Das Olsens war gleich in der Nähe. Auch wenn draußen ein Sturm im Anmarsch war, sollte es kein Problem sein, an einem Mittwochabend ein Taxi zu kriegen. Sie konnte jeden Augenblick da sein, also nicht mehr duschen, sondern einfach Schwanz und Achselhöhlen waschen. Oder Achselhöhlen und dann den Schwanz. In der Reihenfolge. Mann, war er aufgeregt. Er hatte sich auf ­einen ruhigen Abend eingestellt, vielleicht auf eine Begegnung mit Megan Fox, wie sie früher gewesen war, aber dann hatte Ulla angerufen und gefragt, ob sie ihn nicht noch kurz besuchen dürfe. Was sie damit wohl meinte? Würde sie wieder wie beim letzten Mal Reißaus nehmen? T-Shirt. Das aus Thailand mit der Aufschrift »Same same but different«. Aber vielleicht ­verstand sie den Humor ja nicht. Oder sie dachte bei Thailand an irgendwelche Geschlechtskrankheiten. Oder sollte er das Armani-Shirt von MBK aus Bangkok anziehen? Nein, in dem synthetischen Stoff würde er nur schwitzen, und damit wäre klar, dass es eine billige Kopie war. Truls zog ein weißes T-Shirt unbekannter Herkunft an und hastete ins Bad. Sah, dass auch das Klo noch geputzt werden musste. Aber erst das Wichtigste …

Truls stand, den Schwanz in der Hand, am Waschbecken, als es zu klingeln begann.

Katrine starrte auf das brummende Telefon.

Es war bald Mitternacht, der Wind hatte in den letzten Minuten noch einmal zugelegt und kam nun in heftigen Böen, es heulte, knackte und schepperte draußen. Harry schlief trotzdem wie ein Stein.

Sie nahm das Gespräch an.

»Hier ist Hallstein Smith.« Er flüsterte aufgeregt.

»Ja, ich habe Ihre Nummer erkannt. Was ist denn los?«

»Er ist hier?«

»Was?«

»Ich glaube, es ist Valentin.«

»Was sagen Sie da?«

»Jemand hat das Tor geöffnet, und ich … mein Gott, ich höre jemanden kommen. Was soll ich machen?«

»Tun Sie nichts … versuchen Sie … können Sie sich verstecken?«

»Nein. Ich sehe über die Kamera jemanden auf dem Weg zum Eingang des Stalls.
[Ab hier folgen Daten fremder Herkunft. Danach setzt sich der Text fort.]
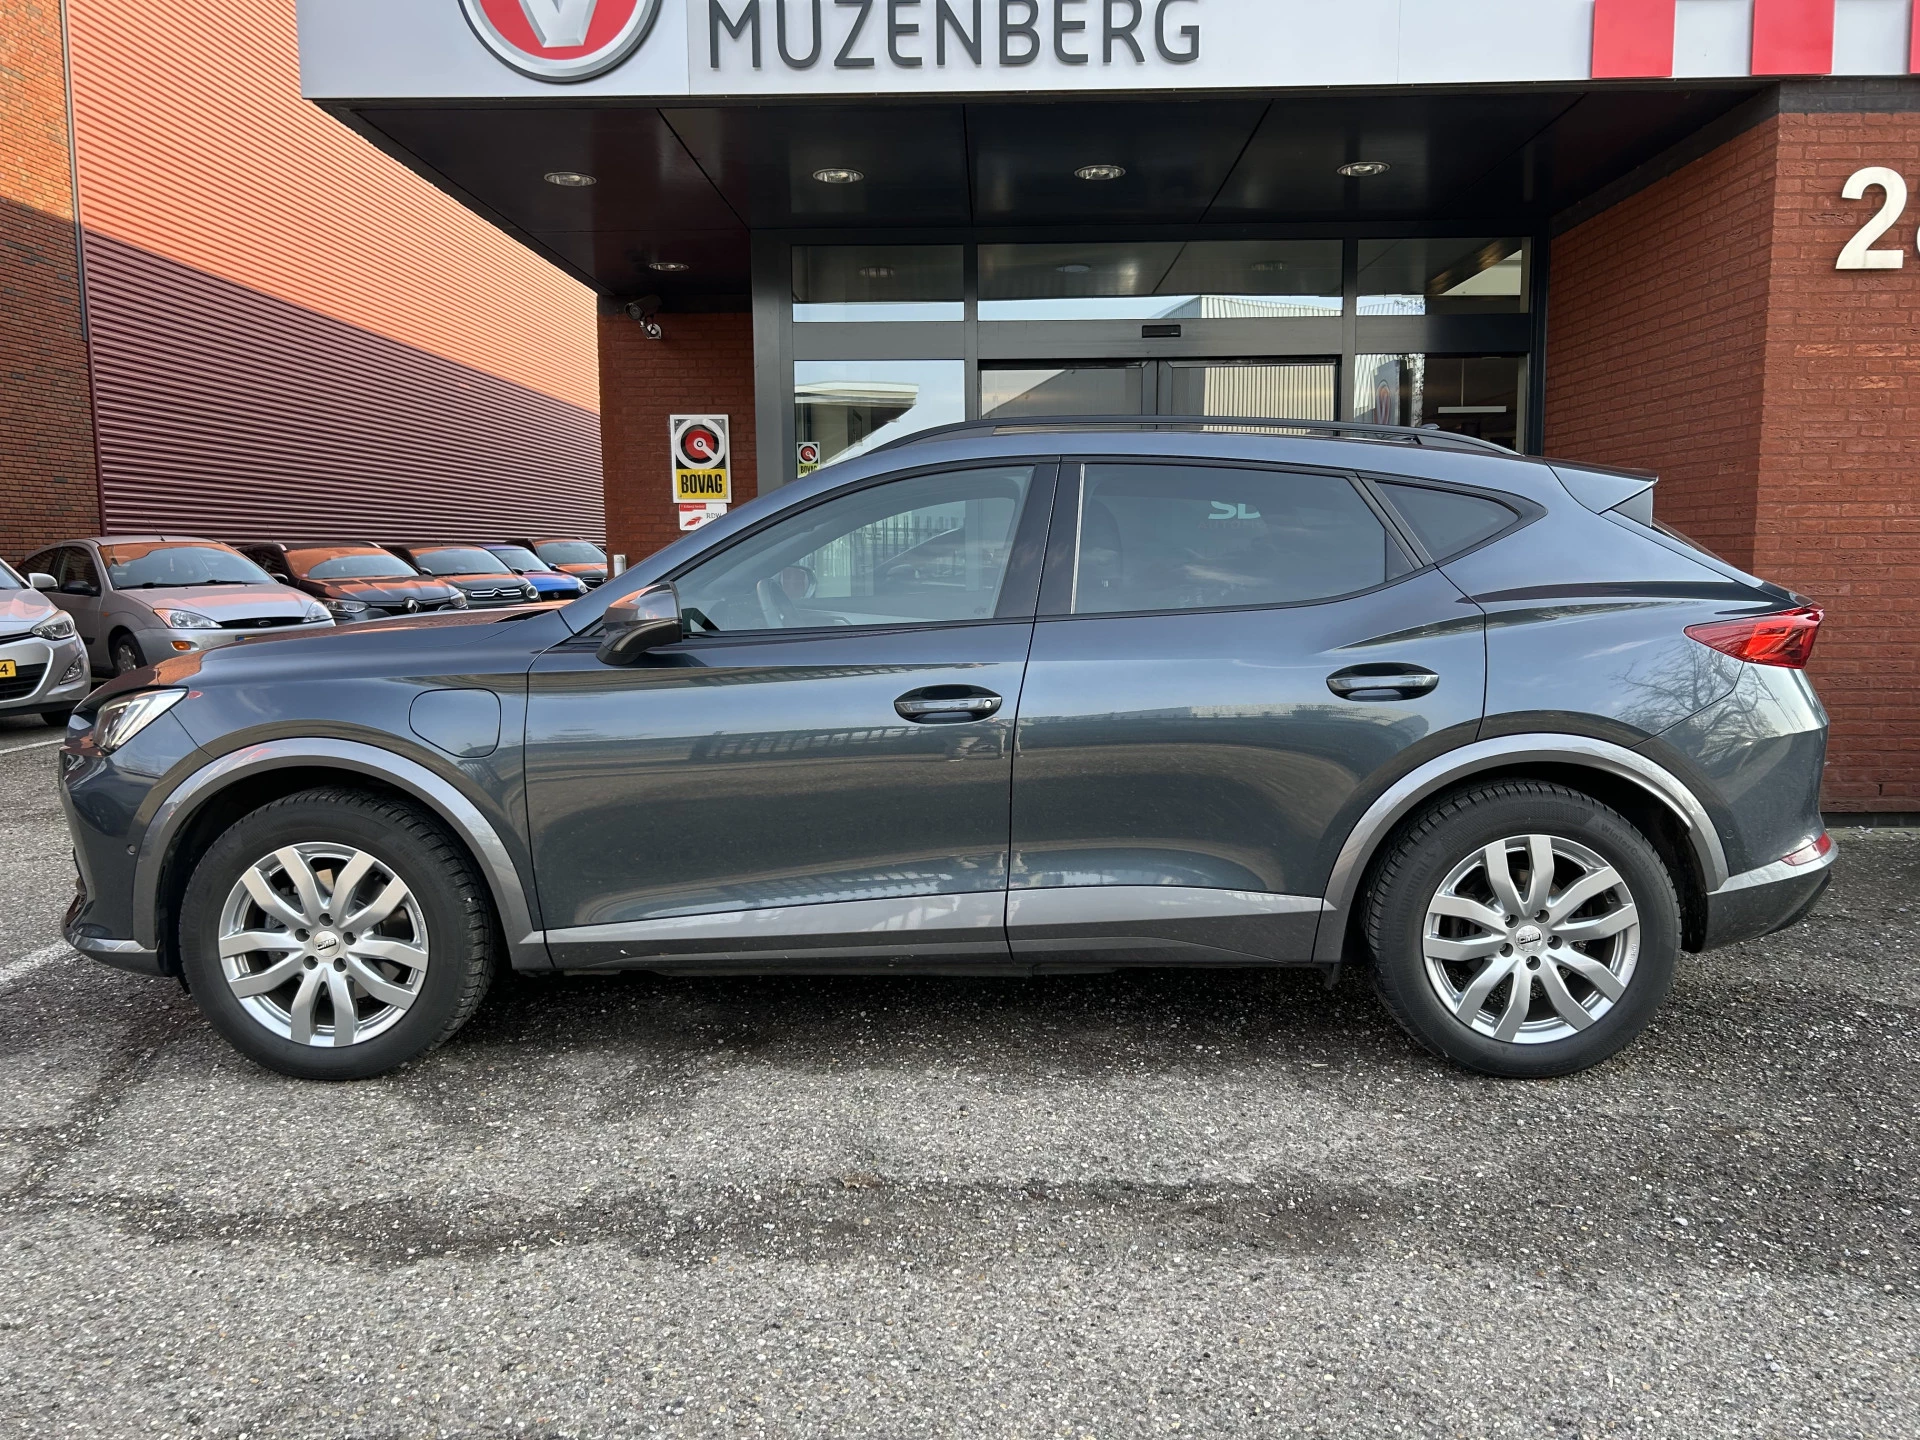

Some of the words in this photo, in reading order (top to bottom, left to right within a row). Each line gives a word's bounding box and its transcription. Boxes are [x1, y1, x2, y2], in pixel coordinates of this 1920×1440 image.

[709, 0, 1200, 68] MUZENBERG
[1835, 166, 1920, 269] 2
[681, 474, 722, 494] BOVAG
Mein Gott, er ist es.« Smith hörte sich an, als wäre er den Tränen nahe. »Was mache ich jetzt?«

»Verdammt, lassen Sie mich nachdenken«, stöhnte Katrine.
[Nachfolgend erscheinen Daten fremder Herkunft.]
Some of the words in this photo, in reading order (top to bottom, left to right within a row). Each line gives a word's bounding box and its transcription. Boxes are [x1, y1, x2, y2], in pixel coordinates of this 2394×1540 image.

Jemand nahm ihr das Telefon aus der Hand.

»Smith? Harry hier, ich bin bei dir. Hast du die Tür zu deinem Büro abgeschlossen? Okay, dann tu das jetzt und schalte das Licht aus. Still und ruhig.«

Hallstein Smith starrte auf seinen Bildschirm. »Okay, ich habe abgeschlossen und das Licht ausgemacht.«

»Siehst du ihn?«

»Nein. Doch, jetzt sehe ich ihn.« Hallstein sah einen Mann am Eingang des Stalls. Er trat auf die Waage, taumelte etwas, fand die Balance wieder und ging an den Boxen vorbei direkt auf die Kamera zu. Als er unter einer der Lampen hindurchging, wurde sein Gesicht hell erleuchtet.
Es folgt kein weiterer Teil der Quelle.